On 4 November, Jock Brown announced he would be stepping down from his role as Chairman for health reasons, leaving director of football, Gerry Strain, as the sole director left on the club's board.

On 11 November, the SFA released a statement which determined that Accies CEO and majority shareholder Serif Zengin, and Gerry Strain, were judged not to be "fit and proper" people to be involved in association football. This resulted in the pair being banned from running the day-to-day operations at the club.

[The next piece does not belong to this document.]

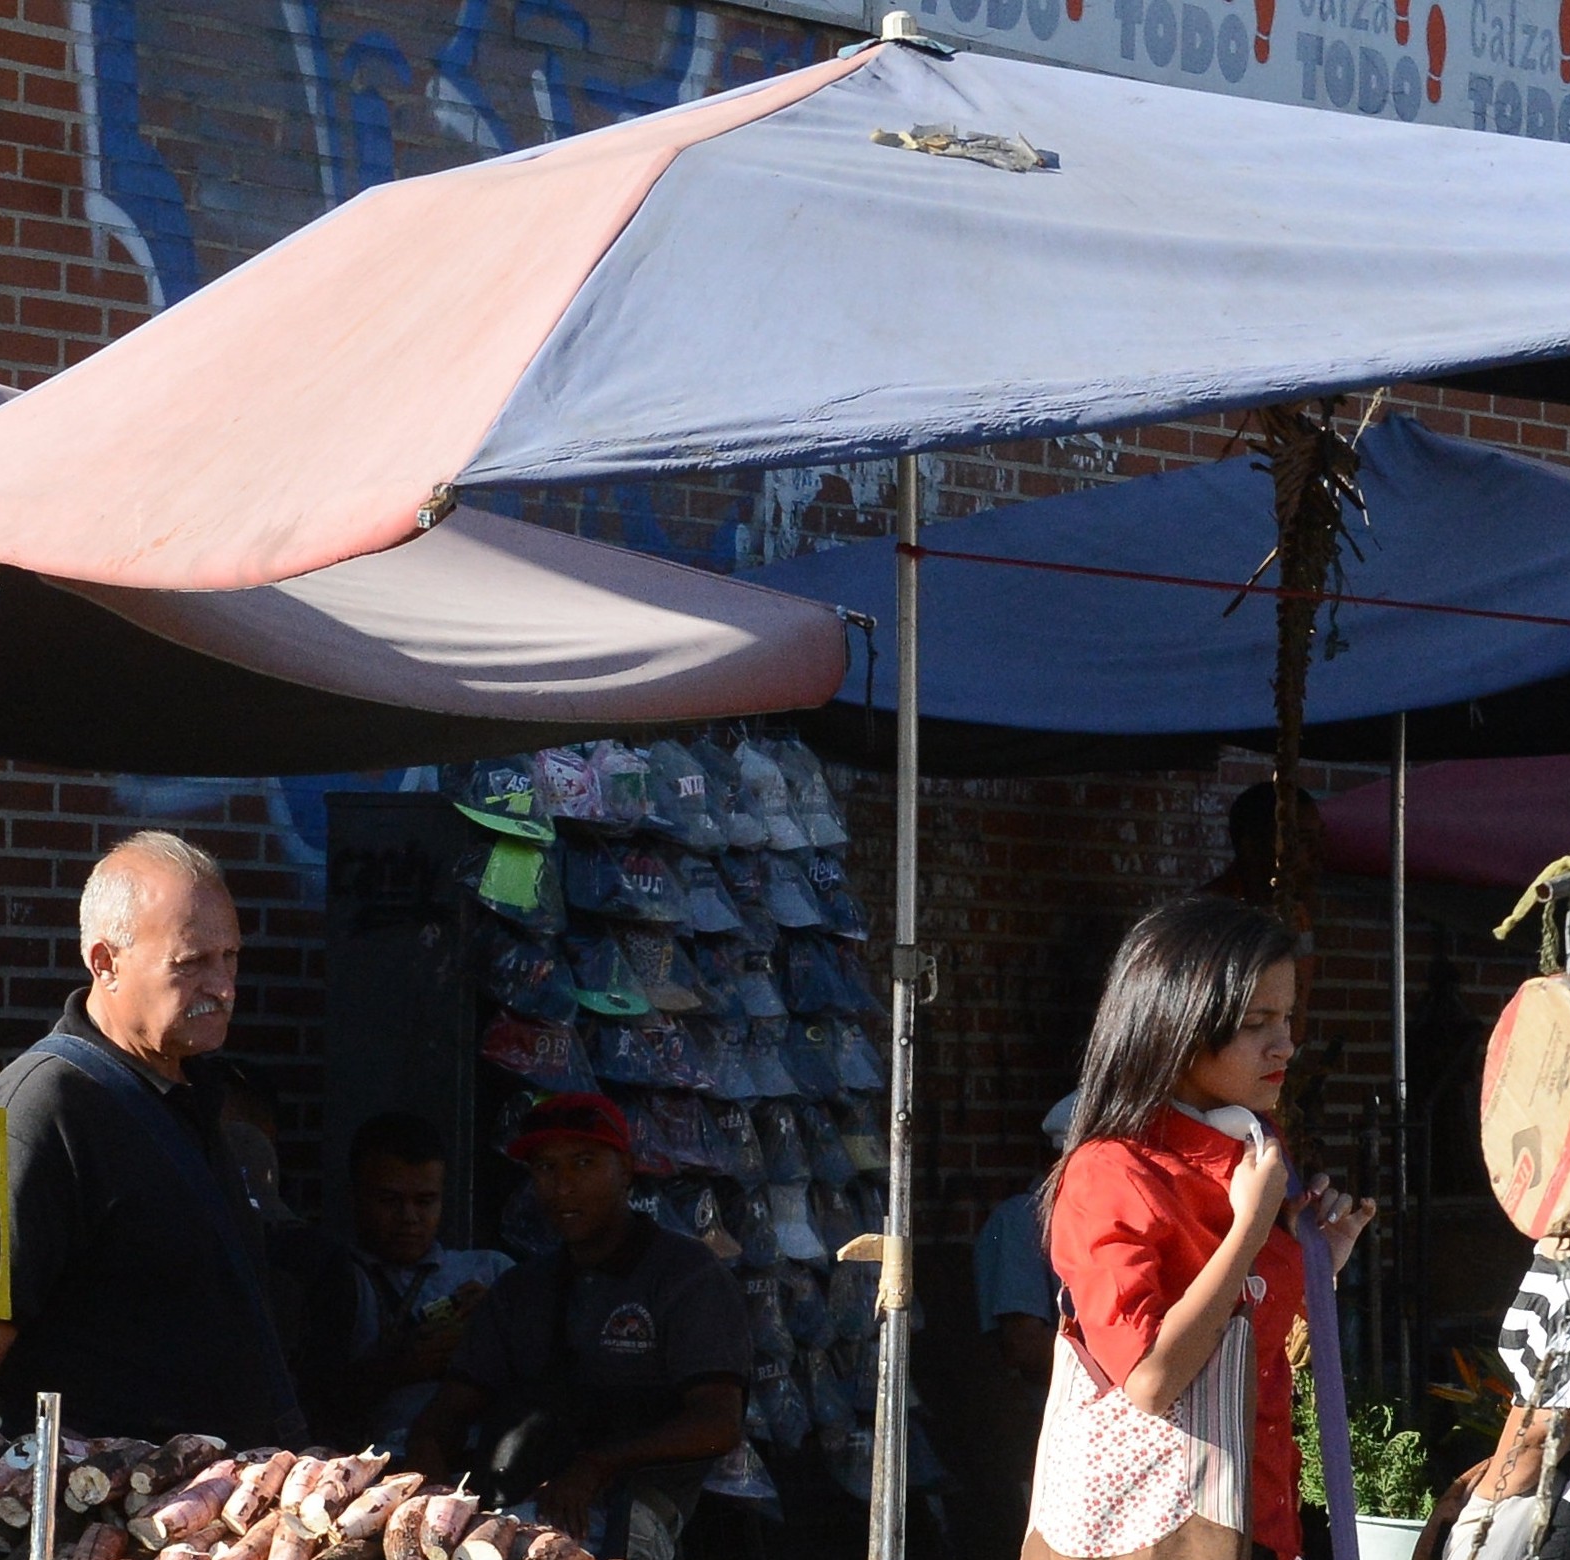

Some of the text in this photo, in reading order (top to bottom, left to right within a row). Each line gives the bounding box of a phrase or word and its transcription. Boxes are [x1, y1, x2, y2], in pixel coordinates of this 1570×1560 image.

[1114, 0, 1249, 83] TODO
[1296, 31, 1422, 122] TODO
[1470, 0, 1555, 75] Calza

Later that same day, it was revealed that Police Scotland were investigating alleged fraud at the club, dating back to May of that year.

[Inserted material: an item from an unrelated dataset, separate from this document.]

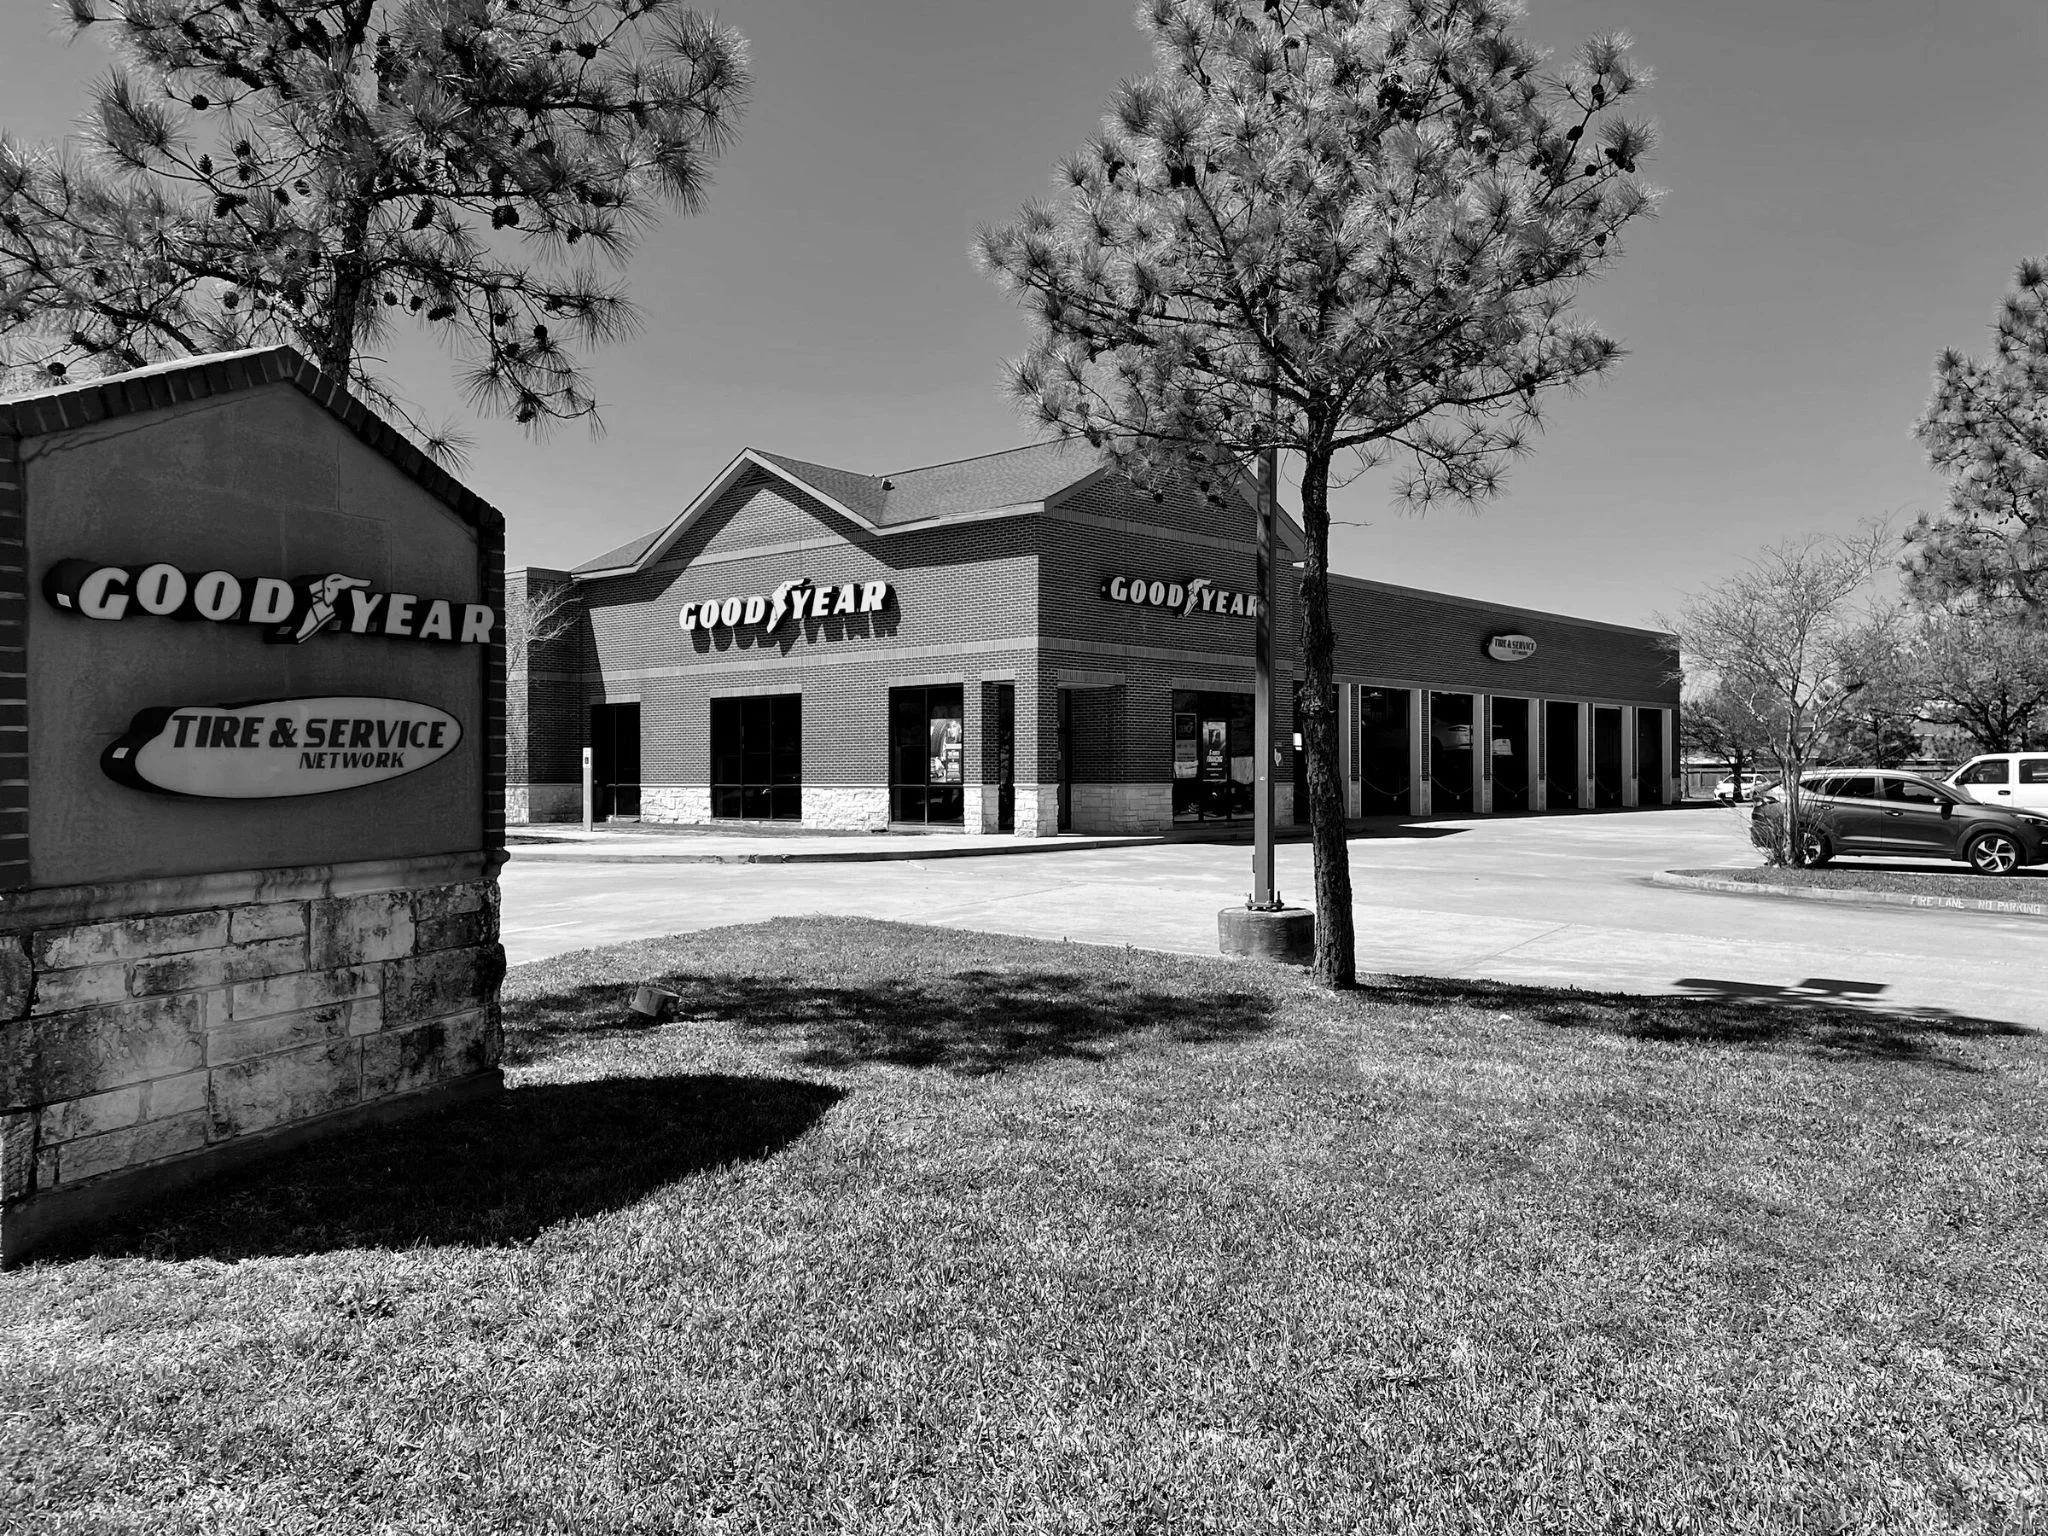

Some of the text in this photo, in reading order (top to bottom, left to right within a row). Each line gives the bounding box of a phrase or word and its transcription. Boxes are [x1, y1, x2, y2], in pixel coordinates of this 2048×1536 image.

[172, 715, 264, 748] TIRE
[303, 718, 447, 749] SERVICE
[299, 752, 405, 769] NETWORK
[1910, 895, 2041, 914] FIRE LANE NO PARKING

On 16 December, the club were deducted a further 9 points for failing to maintain a bronze-level club license.

On 4 January 2026, the club announced that a takeover had been completed by Morley Sports Management Group who had acquired 97.5% controlling stake in the club from Seref Zengin. Rob Edwards, Neil Blankstone and Allan Currie were appointed to the clubs's board with Currie taking on the role of interim chairman.

On 12 February, Hamilton were deducted a further 6 points in relation to the late payment of staff and players in December 2025.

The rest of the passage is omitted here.